Paclitaxel administered weekly in patients with docetaxel-resistant metastatic breast cancer: A single-center study

Aims and background: We evaluated retrospectively the efficacy and toxicity of paclitaxel in patients with docetaxel-resistant metastatic breast cancer. Study design: Paclitaxel (80 mg/m(2)) was administered weekly to 44 patients who had previously received chemotherapy regimens for metastatic breast cancer. All patients had progressive disease in spite of having received docetaxel therapy. Results: Treatment was repeated until there was evidence of disease progression. Objective responses were obtained in 14 of 44 assessable patients (31.8%; 95% confidence interval, 17.5-46.1). Fourteen patients had partial responses; none responded completely. Seven of 14 responders had primary resistance to docetaxel therapy. The median duration of response was 6.1 months (range, 2.1-12.7). The median time to progression was 5.0 months. Clinically severe adverse events (grade 3 or 4) included neutropenia (27.2%), leukopenia (25.0%), neuropathy-sensory (13.6%), febrile neutropenia (6.8%), anemia (2.2%), constipation (2.2%), and edema (2.2%).
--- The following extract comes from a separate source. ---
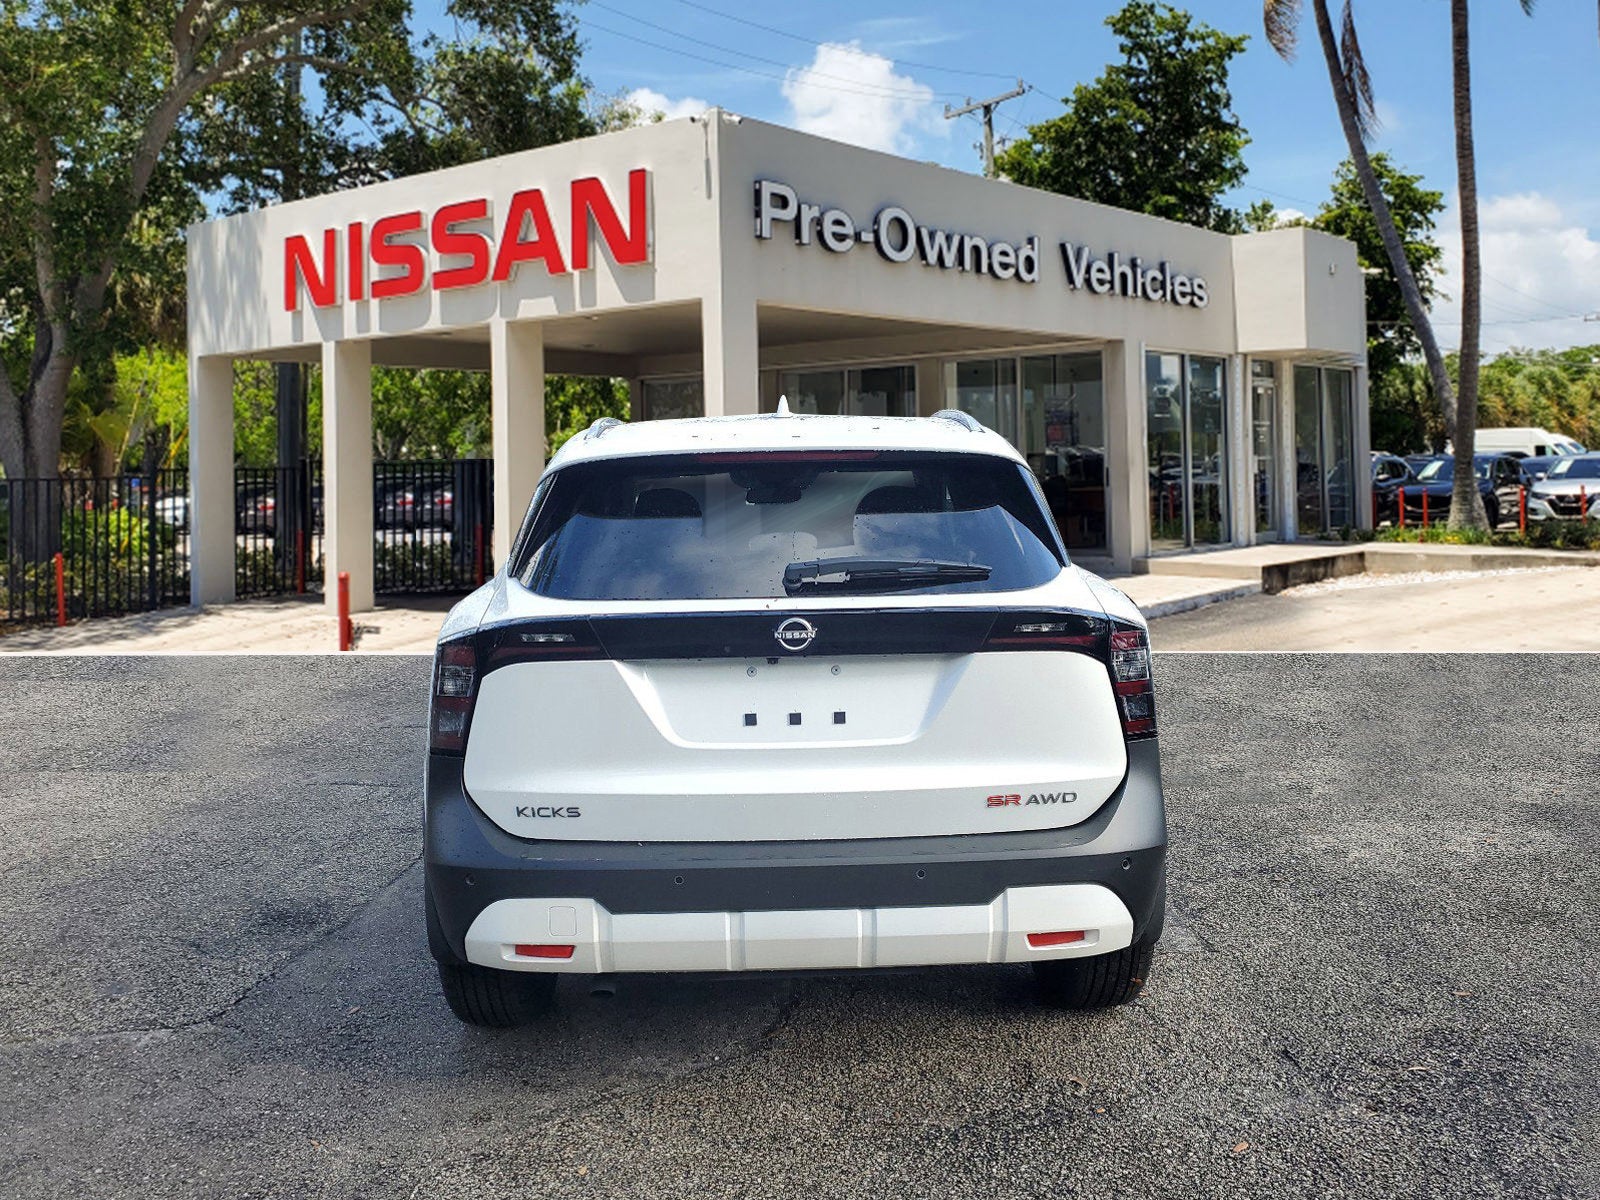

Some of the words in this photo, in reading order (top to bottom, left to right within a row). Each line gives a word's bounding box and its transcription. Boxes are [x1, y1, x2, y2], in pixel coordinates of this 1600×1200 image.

Treatment was generally well tolerated and could be continued on an out-patient basis. Conclusions: Weekly paclitaxel is effective in patients with docetaxel-resistant metastatic breast cancer. This observation suggests partial cross-resistance between paclitaxel and docetaxel. There was no evidence for additive cumulative toxic effects of the two taxanes.